[Exercise description]: All of the records listed below should be retyped exactly.
[Source data Boundary: Start]
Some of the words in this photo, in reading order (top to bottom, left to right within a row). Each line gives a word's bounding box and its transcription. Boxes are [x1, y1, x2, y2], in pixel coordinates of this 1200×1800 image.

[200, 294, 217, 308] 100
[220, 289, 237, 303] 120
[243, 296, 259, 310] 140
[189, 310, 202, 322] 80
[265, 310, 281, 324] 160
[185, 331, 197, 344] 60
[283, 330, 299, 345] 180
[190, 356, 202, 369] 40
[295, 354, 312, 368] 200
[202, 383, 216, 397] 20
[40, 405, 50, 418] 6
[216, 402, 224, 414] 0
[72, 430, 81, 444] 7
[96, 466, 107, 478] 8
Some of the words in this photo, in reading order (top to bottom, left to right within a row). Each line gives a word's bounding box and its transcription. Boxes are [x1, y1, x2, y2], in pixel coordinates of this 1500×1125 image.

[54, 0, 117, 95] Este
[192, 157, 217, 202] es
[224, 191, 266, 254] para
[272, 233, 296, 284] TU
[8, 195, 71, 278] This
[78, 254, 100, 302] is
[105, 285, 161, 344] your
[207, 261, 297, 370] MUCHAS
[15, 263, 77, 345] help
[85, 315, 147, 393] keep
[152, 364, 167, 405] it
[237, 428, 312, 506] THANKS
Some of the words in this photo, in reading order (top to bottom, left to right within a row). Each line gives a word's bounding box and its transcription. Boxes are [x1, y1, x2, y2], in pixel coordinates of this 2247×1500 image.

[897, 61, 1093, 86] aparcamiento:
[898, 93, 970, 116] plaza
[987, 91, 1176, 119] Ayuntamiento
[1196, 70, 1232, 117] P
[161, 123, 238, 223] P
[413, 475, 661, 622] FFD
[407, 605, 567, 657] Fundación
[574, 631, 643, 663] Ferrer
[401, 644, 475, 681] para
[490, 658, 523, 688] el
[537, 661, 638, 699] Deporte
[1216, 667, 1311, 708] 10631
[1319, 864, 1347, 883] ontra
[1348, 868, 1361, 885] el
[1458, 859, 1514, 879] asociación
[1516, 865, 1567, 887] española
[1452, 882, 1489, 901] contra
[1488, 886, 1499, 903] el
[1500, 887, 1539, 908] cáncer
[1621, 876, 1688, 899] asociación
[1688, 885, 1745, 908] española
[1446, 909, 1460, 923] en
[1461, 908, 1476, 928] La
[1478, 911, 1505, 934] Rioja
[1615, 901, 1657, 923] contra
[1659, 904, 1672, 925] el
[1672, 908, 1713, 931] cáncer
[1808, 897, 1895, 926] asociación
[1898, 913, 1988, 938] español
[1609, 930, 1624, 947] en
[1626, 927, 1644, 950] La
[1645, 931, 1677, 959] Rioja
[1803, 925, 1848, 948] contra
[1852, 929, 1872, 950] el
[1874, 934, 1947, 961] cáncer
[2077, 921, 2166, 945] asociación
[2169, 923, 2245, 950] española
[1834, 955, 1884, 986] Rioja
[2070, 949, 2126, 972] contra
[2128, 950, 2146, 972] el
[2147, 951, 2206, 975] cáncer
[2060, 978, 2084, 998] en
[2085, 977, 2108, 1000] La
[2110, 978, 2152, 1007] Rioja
[Source data Boundary: End]
[Solution to this task]:
Some of the words in this photo, in reading order (top to bottom, left to right within a row). Each line gives a word's bounding box and its transcription. Boxes are [x1, y1, x2, y2], in pixel coordinates of this 1200×1800 image.

[200, 294, 217, 308] 100
[220, 289, 237, 303] 120
[243, 296, 259, 310] 140
[189, 310, 202, 322] 80
[265, 310, 281, 324] 160
[185, 331, 197, 344] 60
[283, 330, 299, 345] 180
[190, 356, 202, 369] 40
[295, 354, 312, 368] 200
[202, 383, 216, 397] 20
[40, 405, 50, 418] 6
[216, 402, 224, 414] 0
[72, 430, 81, 444] 7
[96, 466, 107, 478] 8
Some of the words in this photo, in reading order (top to bottom, left to right within a row). Each line gives a word's bounding box and its transcription. Boxes are [x1, y1, x2, y2], in pixel coordinates of this 1500×1125 image.

[54, 0, 117, 95] Este
[192, 157, 217, 202] es
[224, 191, 266, 254] para
[272, 233, 296, 284] TU
[8, 195, 71, 278] This
[78, 254, 100, 302] is
[105, 285, 161, 344] your
[207, 261, 297, 370] MUCHAS
[15, 263, 77, 345] help
[85, 315, 147, 393] keep
[152, 364, 167, 405] it
[237, 428, 312, 506] THANKS
Some of the words in this photo, in reading order (top to bottom, left to right within a row). Each line gives a word's bounding box and its transcription. Boxes are [x1, y1, x2, y2], in pixel coordinates of this 2247×1500 image.

[897, 61, 1093, 86] aparcamiento:
[898, 93, 970, 116] plaza
[987, 91, 1176, 119] Ayuntamiento
[1196, 70, 1232, 117] P
[161, 123, 238, 223] P
[413, 475, 661, 622] FFD
[407, 605, 567, 657] Fundación
[574, 631, 643, 663] Ferrer
[401, 644, 475, 681] para
[490, 658, 523, 688] el
[537, 661, 638, 699] Deporte
[1216, 667, 1311, 708] 10631
[1319, 864, 1347, 883] ontra
[1348, 868, 1361, 885] el
[1458, 859, 1514, 879] asociación
[1516, 865, 1567, 887] española
[1452, 882, 1489, 901] contra
[1488, 886, 1499, 903] el
[1500, 887, 1539, 908] cáncer
[1621, 876, 1688, 899] asociación
[1688, 885, 1745, 908] española
[1446, 909, 1460, 923] en
[1461, 908, 1476, 928] La
[1478, 911, 1505, 934] Rioja
[1615, 901, 1657, 923] contra
[1659, 904, 1672, 925] el
[1672, 908, 1713, 931] cáncer
[1808, 897, 1895, 926] asociación
[1898, 913, 1988, 938] español
[1609, 930, 1624, 947] en
[1626, 927, 1644, 950] La
[1645, 931, 1677, 959] Rioja
[1803, 925, 1848, 948] contra
[1852, 929, 1872, 950] el
[1874, 934, 1947, 961] cáncer
[2077, 921, 2166, 945] asociación
[2169, 923, 2245, 950] española
[1834, 955, 1884, 986] Rioja
[2070, 949, 2126, 972] contra
[2128, 950, 2146, 972] el
[2147, 951, 2206, 975] cáncer
[2060, 978, 2084, 998] en
[2085, 977, 2108, 1000] La
[2110, 978, 2152, 1007] Rioja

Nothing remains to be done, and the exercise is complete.